Self-confessed ‘rookie cyclist’ Natalie Ingham is taking on the mammoth 81-mile Sigma Sports West Coast Classic bike ride this weekend, in honour of her friend Leon Callon.
Leon was cared for at St Catherine’s Hospice earlier this year, and along with family and friends who make up #TeamCallon, he has helped raised thousands of pounds for charities including St Catherine’s after he was diagnosed with a rare type of stomach cancer aged just 35.
In her second blog, Natalie explains how the generosity of her newfound cycling community has really spurred her on during training, and how she’s feeling ahead of Sunday’s challenge.
Things have gotten serious in this last month … really serious! Having reached the milestone of half-distance back in May, it was overwhelming to imagine how I could progress from 40 to 81 miles in time for the event. I had no choice but to just keep going out and trying each time to get further than the time before.
I discovered that although cycling alone, I am part of a huge community. The real-life cyclists give me a ‘nod’ of a greeting when we pass and each and every time I’ve been stopped roadside – most times just having a rest – I’ve been asked by a fellow cyclist if I’m ok. I was never more grateful of this than when my chain kept coming off and I didn’t know why. A cyclist from a local club stopped, told me what the problem was and put in a fix to get me back on the road. He also told me to consider their club if I was looking for one, because they never leave a person behind.

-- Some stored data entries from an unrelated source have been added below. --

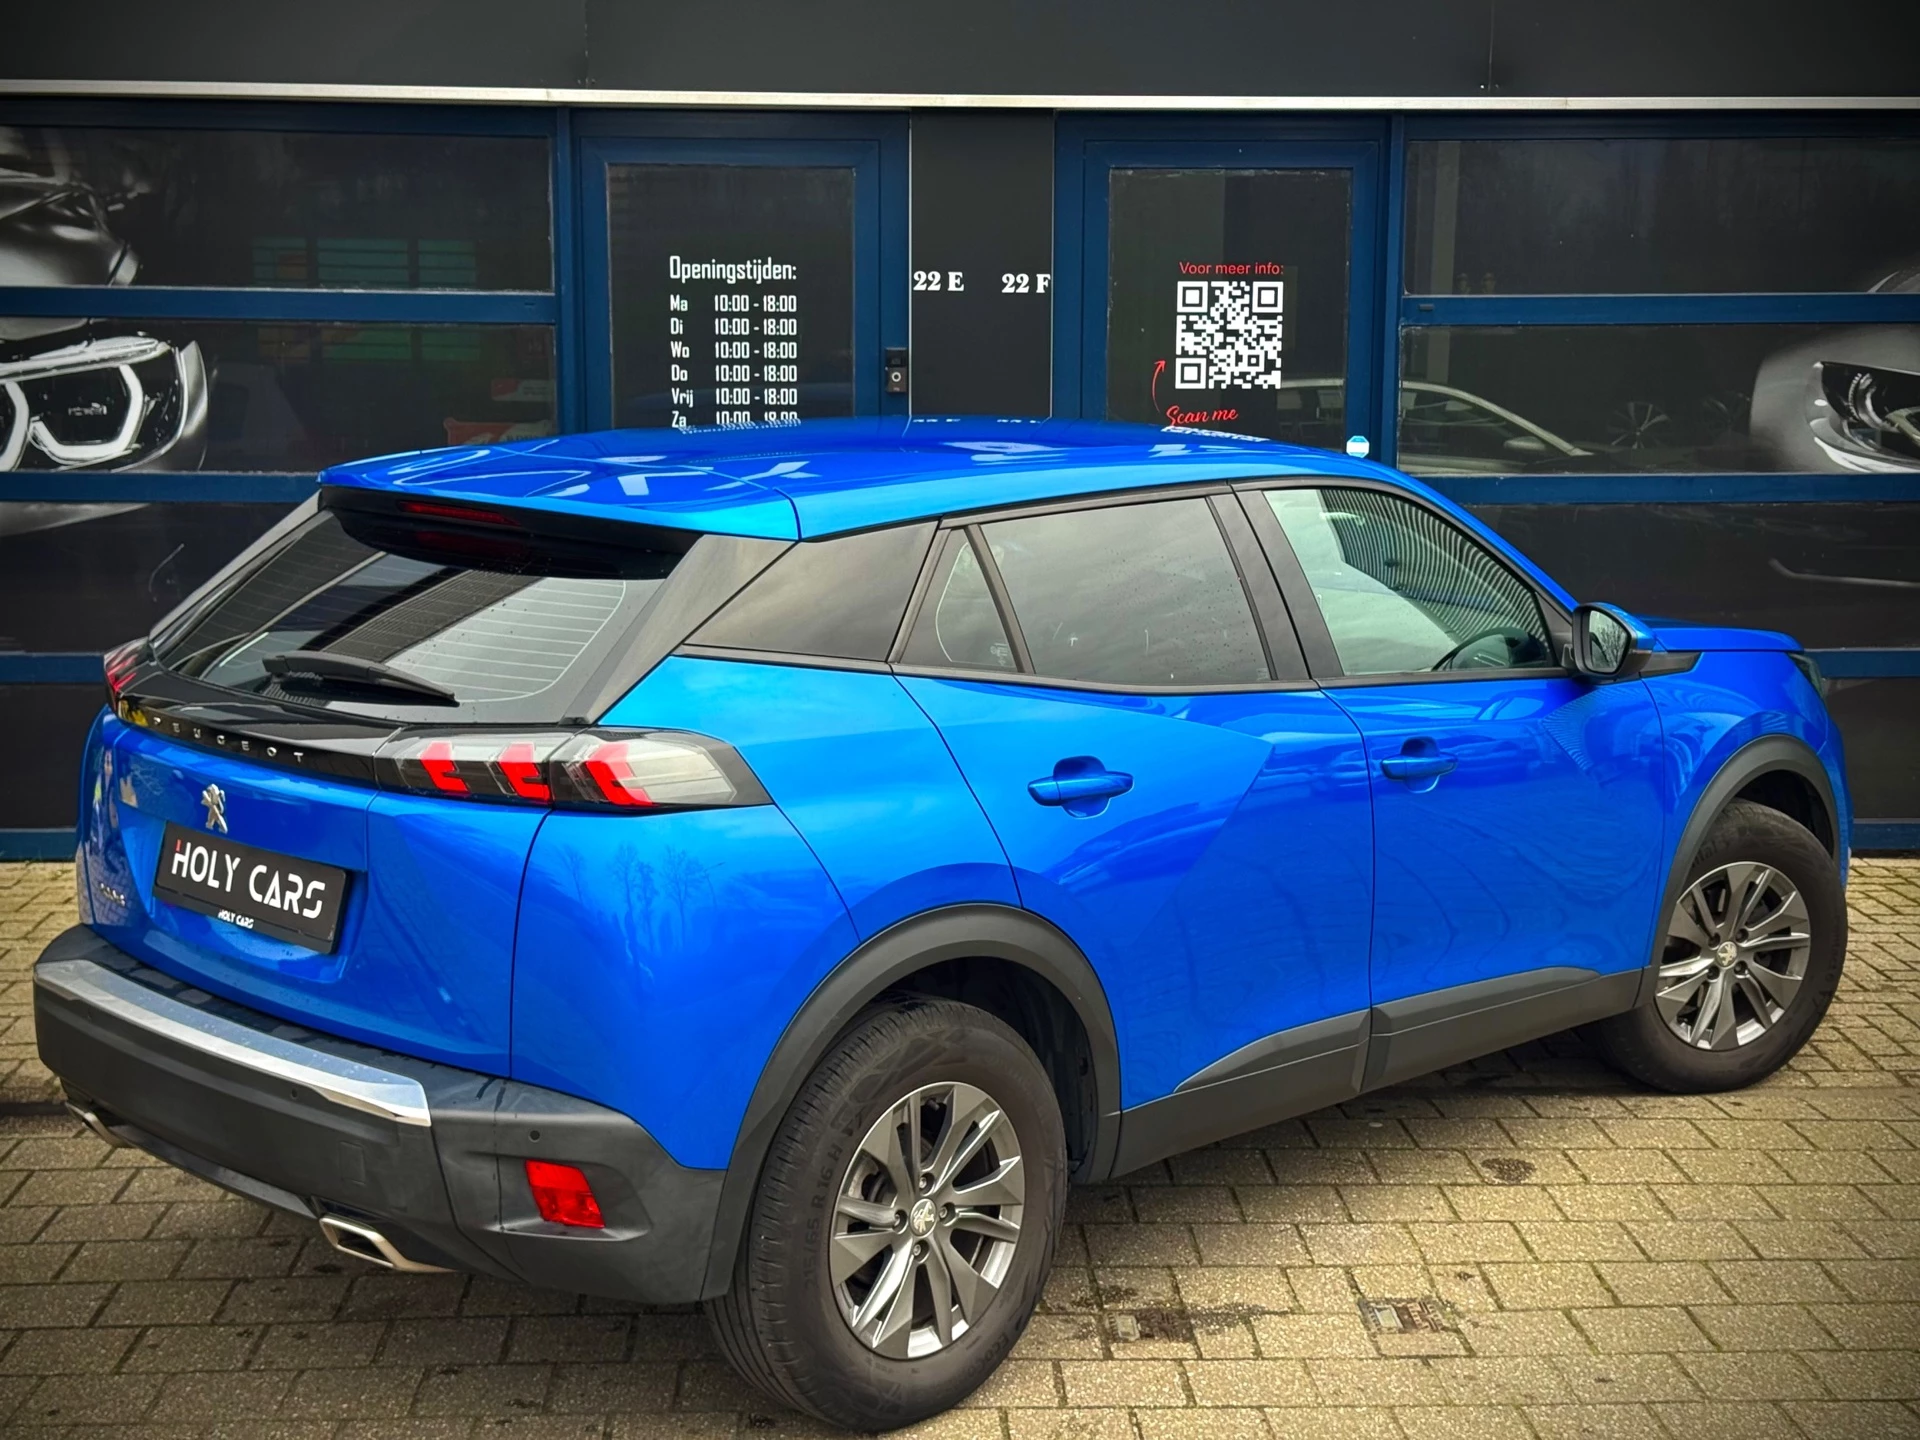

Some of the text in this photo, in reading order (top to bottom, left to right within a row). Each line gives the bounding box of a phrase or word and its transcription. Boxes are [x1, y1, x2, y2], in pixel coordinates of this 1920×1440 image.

[669, 255, 797, 284] Openingstijden:
[1179, 261, 1284, 275] Voor meer info:
[912, 270, 965, 292] 22 E
[1001, 272, 1051, 294] 22 F
[669, 295, 688, 312] Ma
[714, 295, 750, 312] 10:00
[763, 295, 798, 313] 18:00
[670, 318, 684, 335] Di
[714, 318, 750, 335] 10:00
[763, 318, 798, 336] 18:00
[671, 341, 690, 358] Wo
[714, 341, 750, 358] 10:00
[763, 341, 798, 359] 18:00
[671, 364, 688, 382] Do
[714, 364, 750, 381] 10:00
[763, 364, 798, 382] 18:00
[671, 387, 694, 408] Vrij
[714, 388, 750, 405] 10:00
[763, 388, 798, 406] 18:00
[671, 411, 687, 428] Za
[1166, 405, 1238, 427] Scan me
[153, 716, 304, 763] PEUGEOT
[171, 839, 326, 919] HOLY CARS
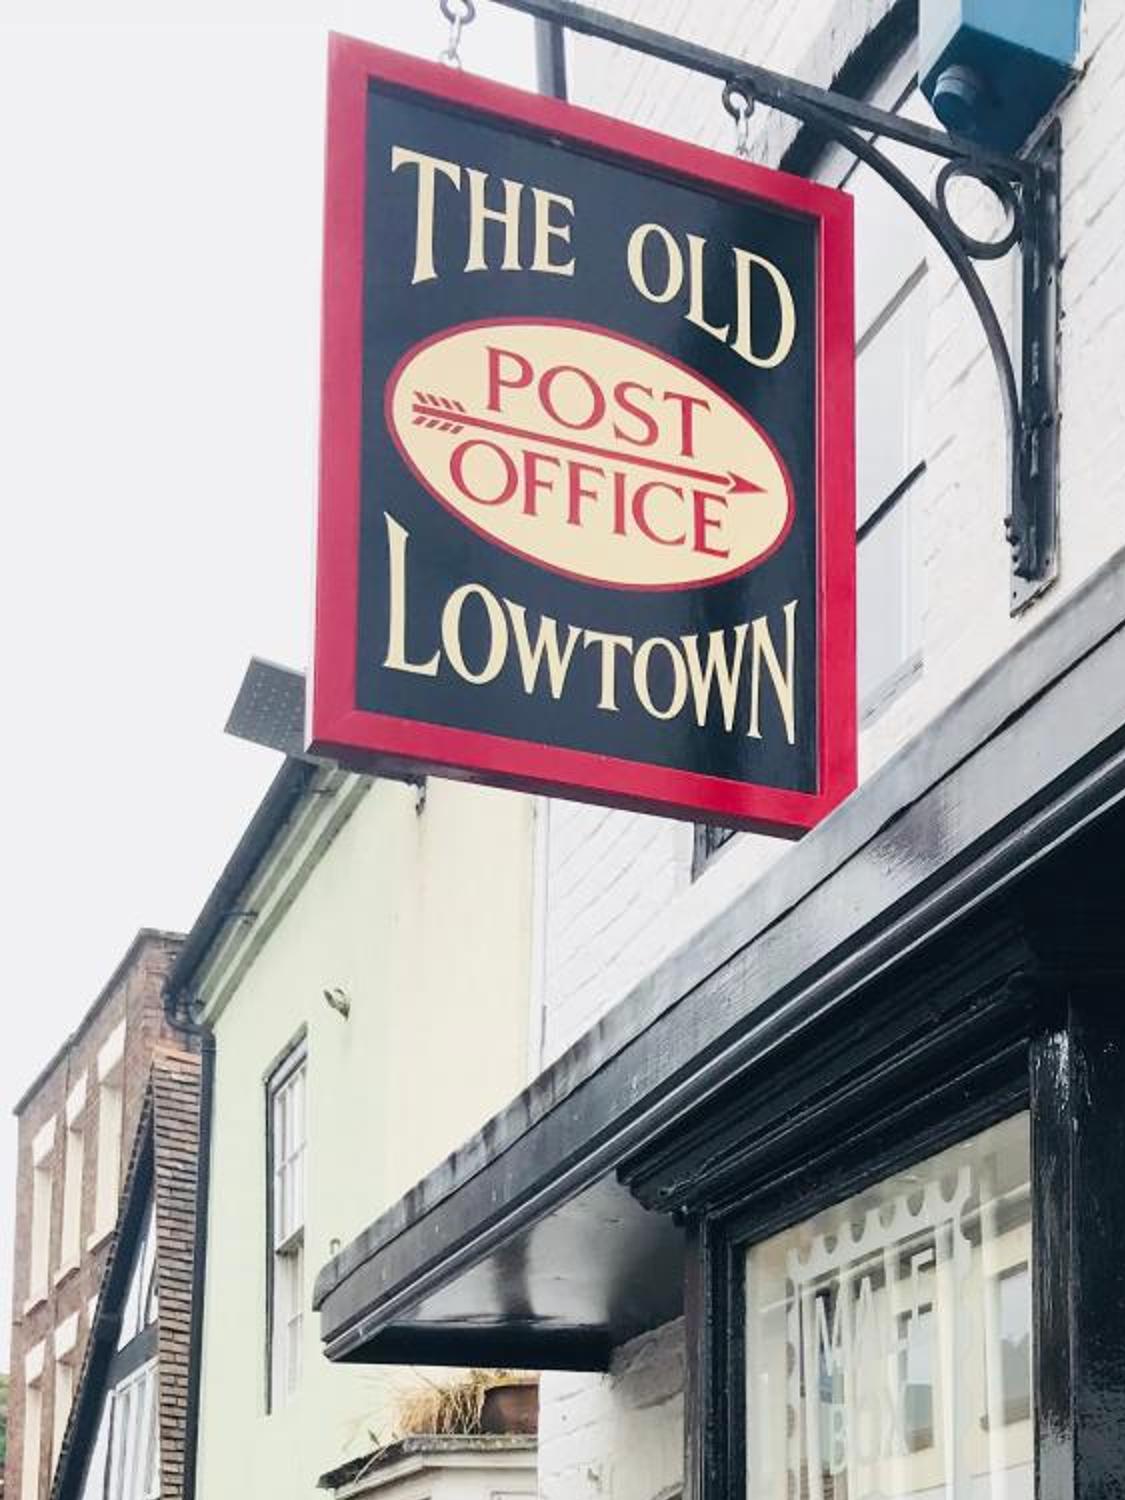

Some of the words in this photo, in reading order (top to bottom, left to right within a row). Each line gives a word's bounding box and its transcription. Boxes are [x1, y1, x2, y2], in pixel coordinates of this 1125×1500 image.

[391, 146, 576, 285] THE
[627, 223, 798, 370] OLD
[485, 346, 711, 459] POST
[449, 439, 731, 560] OFFICE
[383, 512, 799, 746] LOWTOWN

I was struck by this community spirit again a couple of weeks later when a cyclist called out to ask me where I was headed. I was aiming for 50 miles and didn’t really know I was going. He invited me to join him and his wife on their ride and they took me on the most stunning route in full view of the Three Peaks.
I got very lucky that day because he turned out to be a Team GB cyclist and sports physiotherapist, having competed and supported the national team in his age category for the last 40 years! So not only did I enjoy lunch with them, but he gave me a professional bike fitting and they both coaxed and encouraged me to clip into my pedals once I’d told them of my fear after falling so many times. I finished the ride having so much more confidence and amazed I’d been given that opportunity with them. Talk about right place, right time!
I couldn’t afford to miss a training session, even whilst on holiday in Wales. So my boyfriend and my dog dragged me to the summit of Snowdon – what a workout that was for my legs! I’ve also cycled different parts of the official route to make sure there are no surprises on the day.
The big ride is on Sunday and my longest ride so far has been 60 miles. It’s going to be tough to push that on to 81 miles and I’m feeling very nervous, but I will think of my sponsors and dig deep! I’m at almost 70% of my £1800 fundraising target and hoping to have achieved this by the time I cross the finish line. I’ll let you know how it goes.